I agree with your post.

As I said before, maybe I just have unlucky friends, but so many of them have grown up children and grandchildren and are still having to deal with problems such as debt, mental illness, drug taking, being arrested, even spending time in prison.

overthinkersanonnymus · 14/06/2023 21:13

QueSyrahSyrah · 14/06/2023 19:21

@wheresmymojo You've articulated exactly how I feel a lot of the time.

While I have flashes of 'oh DH would make an amazing Dad' and moments when I think it would lovely to be 3 instead of 2, overall I'm becoming more and more aware of the relentless sacrifice of children and honestly struggling to imagine myself doing it (I know DH would take to it like a duck to water though).

All that said, I don't know if I'm quite ready to say a 100% NO and revert to contraception either. I think I'm more at peace with it just never happening for us than I am with deliberately preventing it. It feels like less of a risk of future regrets.

This is pretty much how I feel too. Kind of if it's meant for me it will be and if it's not, I'm ok with that

BunnyBettChetwynnd · 14/06/2023 22:15

My friends have always divided into two camps on this. When we came across a harassed parent with a screaming child in a cafe or shop the ones who went on to have children always said, 'Ahh, but it's different when it's yours'. The ones who are child free all said, 'Jeez, that looks a nightmare for that poor parent'.

QueSyrahSyrah · 14/06/2023 22:19

I think the subject would be easier for many of us if not having children were more widely accepted as a valid choice by society as a whole.

I was discussing with someone the other day, if I had £1 for every time as an adult woman I've been asked 'when are you having kids?' I'd be competing with Midas. I can count on one hand the times I've been asked 'do you want kids?'.

Funnily enough the latter question has usually come from older Women whose children are now adults. Those that have the full breadth of experience in child rearing (and know that the responsibility never diminishes).

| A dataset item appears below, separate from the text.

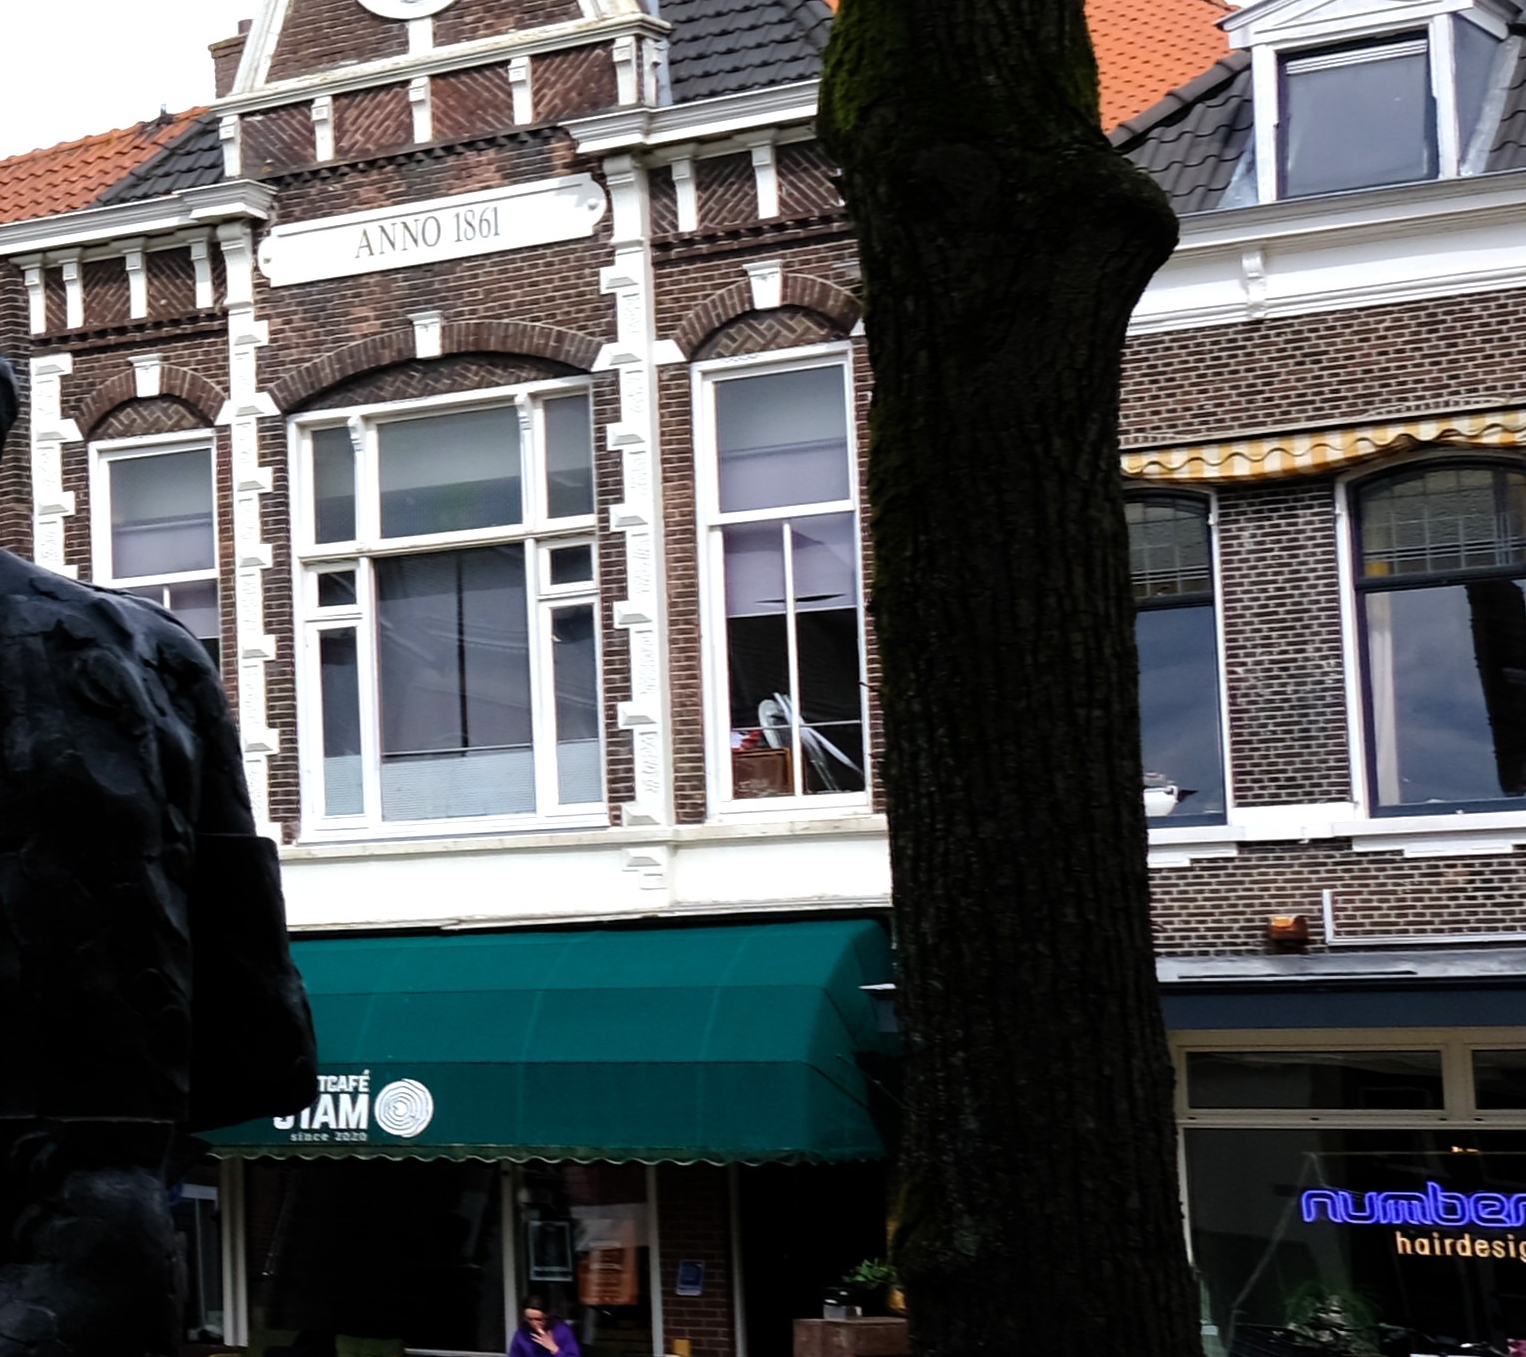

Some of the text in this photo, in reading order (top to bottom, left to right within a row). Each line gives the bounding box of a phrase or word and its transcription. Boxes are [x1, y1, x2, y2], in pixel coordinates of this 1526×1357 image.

[355, 206, 500, 259] ANNO 1861
[316, 1069, 371, 1093] TCAFÉ
[290, 1131, 368, 1142] since 2020
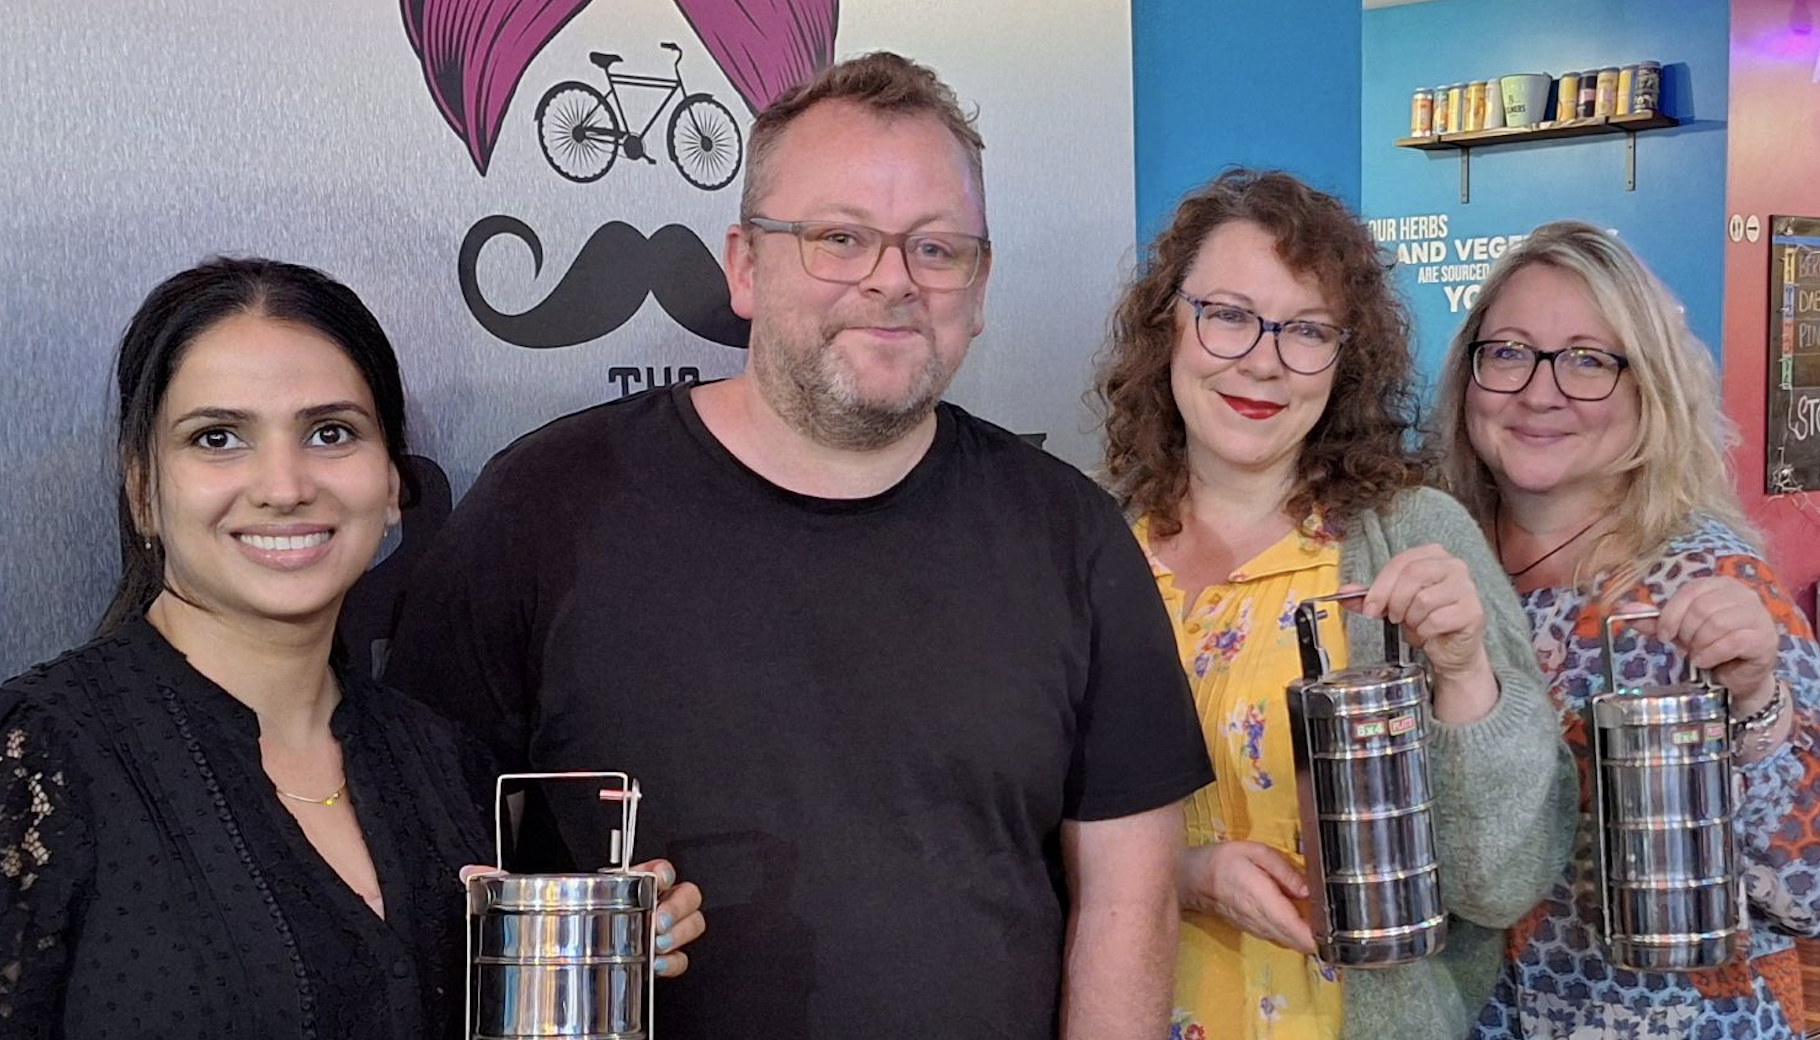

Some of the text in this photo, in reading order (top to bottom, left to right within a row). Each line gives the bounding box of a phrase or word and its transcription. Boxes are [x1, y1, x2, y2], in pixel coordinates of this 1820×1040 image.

Lottapianos · 14/06/2023 22:23

'I think the subject would be easier for many of us if not having children were more widely accepted as a valid choice by society as a whole.'

Couldn't agree more. There's a lot of lip service about how totally fine it is to not have kids, but it doesn't often feel that way in practice. That said, I know many people couldn't give a fig whether others have kids or not!